▶ What is expected: Write the entries out again in full and unchanged, dropping every image.

▶ Supplied records:
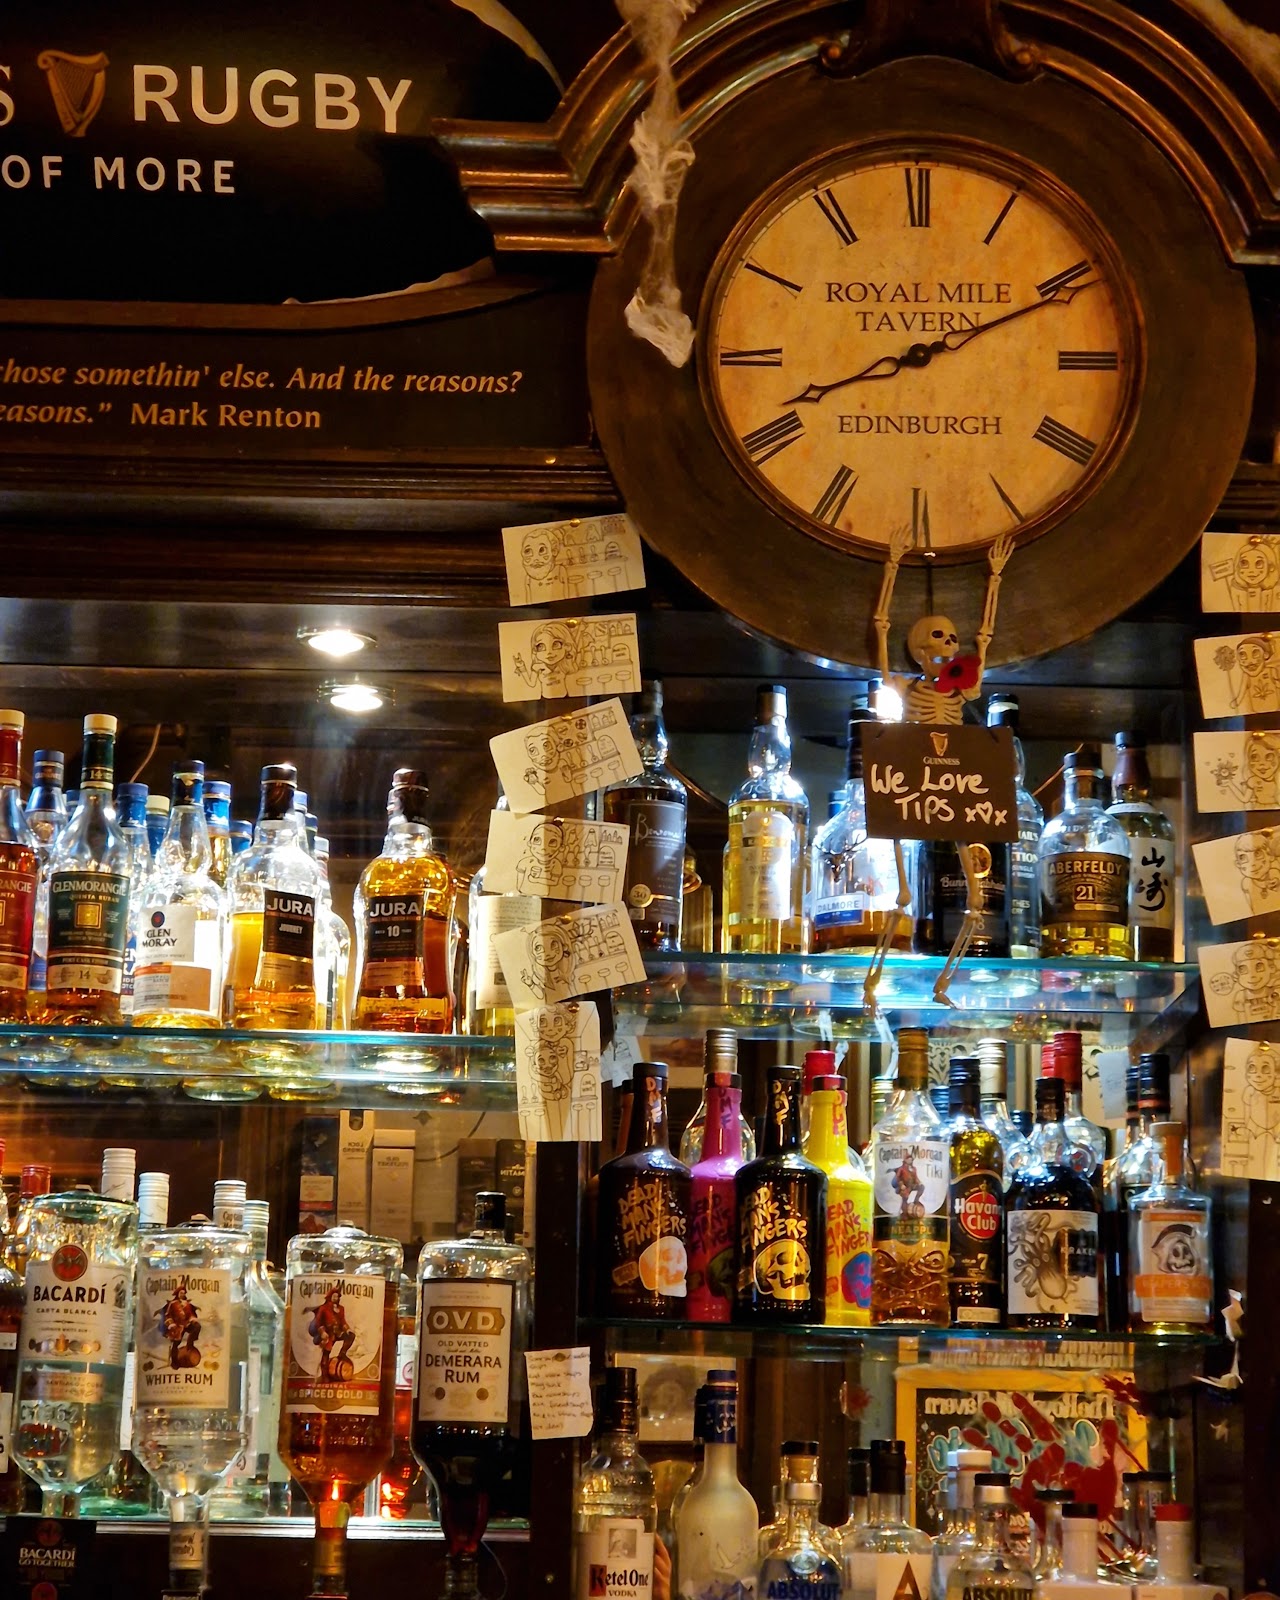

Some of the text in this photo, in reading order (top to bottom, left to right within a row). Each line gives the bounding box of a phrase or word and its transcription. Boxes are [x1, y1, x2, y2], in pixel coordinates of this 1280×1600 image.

[133, 64, 413, 134] RUGBY
[1, 154, 236, 194] OF MORE
[825, 281, 1013, 305] ROYAL MILE
[855, 311, 982, 333] TAVERN
[0, 358, 523, 395] hose somethin' else. And the reasons?
[131, 402, 208, 427] Mark
[218, 404, 322, 429] Renton
[837, 414, 1003, 436] EDINBURGH
[870, 763, 990, 795] We Love
[894, 791, 956, 825] TIPS
[1049, 860, 1122, 876] ABERFELDY
[53, 880, 128, 897] GLENMORANGIE
[1076, 885, 1096, 901] 21
[266, 898, 313, 917] JURA
[370, 901, 422, 917] JURA
[817, 899, 860, 914] DALMORE
[146, 928, 172, 939] GLEN
[387, 925, 400, 938] 10
[142, 937, 178, 949] MORAY
[79, 968, 91, 980] 14
[925, 1163, 944, 1179] Tiki
[966, 1214, 997, 1232] Club
[977, 1252, 989, 1271] 7
[33, 1284, 107, 1305] BACARDÍ
[299, 1279, 374, 1300] Captain Morgan
[64, 1308, 98, 1316] BLANCA
[432, 1311, 498, 1332] O.V.D.
[437, 1340, 490, 1348] OLD VATTED
[425, 1353, 502, 1369] DEMERARA
[146, 1373, 213, 1387] WHITE RUM
[444, 1369, 480, 1384] RUM
[298, 1388, 363, 1399] SPICED GOLD
[591, 1568, 650, 1587] Ketel One
[892, 1560, 923, 1600] A
[608, 1590, 638, 1598] VODKA
[766, 1581, 840, 1600] ABSOLUT

▶ Task output:
Some of the text in this photo, in reading order (top to bottom, left to right within a row). Each line gives the bounding box of a phrase or word and its transcription. Boxes are [x1, y1, x2, y2], in pixel coordinates of this 1280×1600 image.

[133, 64, 413, 134] RUGBY
[1, 154, 236, 194] OF MORE
[825, 281, 1013, 305] ROYAL MILE
[855, 311, 982, 333] TAVERN
[0, 358, 523, 395] hose somethin' else. And the reasons?
[131, 402, 208, 427] Mark
[218, 404, 322, 429] Renton
[837, 414, 1003, 436] EDINBURGH
[870, 763, 990, 795] We Love
[894, 791, 956, 825] TIPS
[1049, 860, 1122, 876] ABERFELDY
[53, 880, 128, 897] GLENMORANGIE
[1076, 885, 1096, 901] 21
[266, 898, 313, 917] JURA
[370, 901, 422, 917] JURA
[817, 899, 860, 914] DALMORE
[146, 928, 172, 939] GLEN
[387, 925, 400, 938] 10
[142, 937, 178, 949] MORAY
[79, 968, 91, 980] 14
[925, 1163, 944, 1179] Tiki
[966, 1214, 997, 1232] Club
[977, 1252, 989, 1271] 7
[33, 1284, 107, 1305] BACARDÍ
[299, 1279, 374, 1300] Captain Morgan
[64, 1308, 98, 1316] BLANCA
[432, 1311, 498, 1332] O.V.D.
[437, 1340, 490, 1348] OLD VATTED
[425, 1353, 502, 1369] DEMERARA
[146, 1373, 213, 1387] WHITE RUM
[444, 1369, 480, 1384] RUM
[298, 1388, 363, 1399] SPICED GOLD
[591, 1568, 650, 1587] Ketel One
[892, 1560, 923, 1600] A
[608, 1590, 638, 1598] VODKA
[766, 1581, 840, 1600] ABSOLUT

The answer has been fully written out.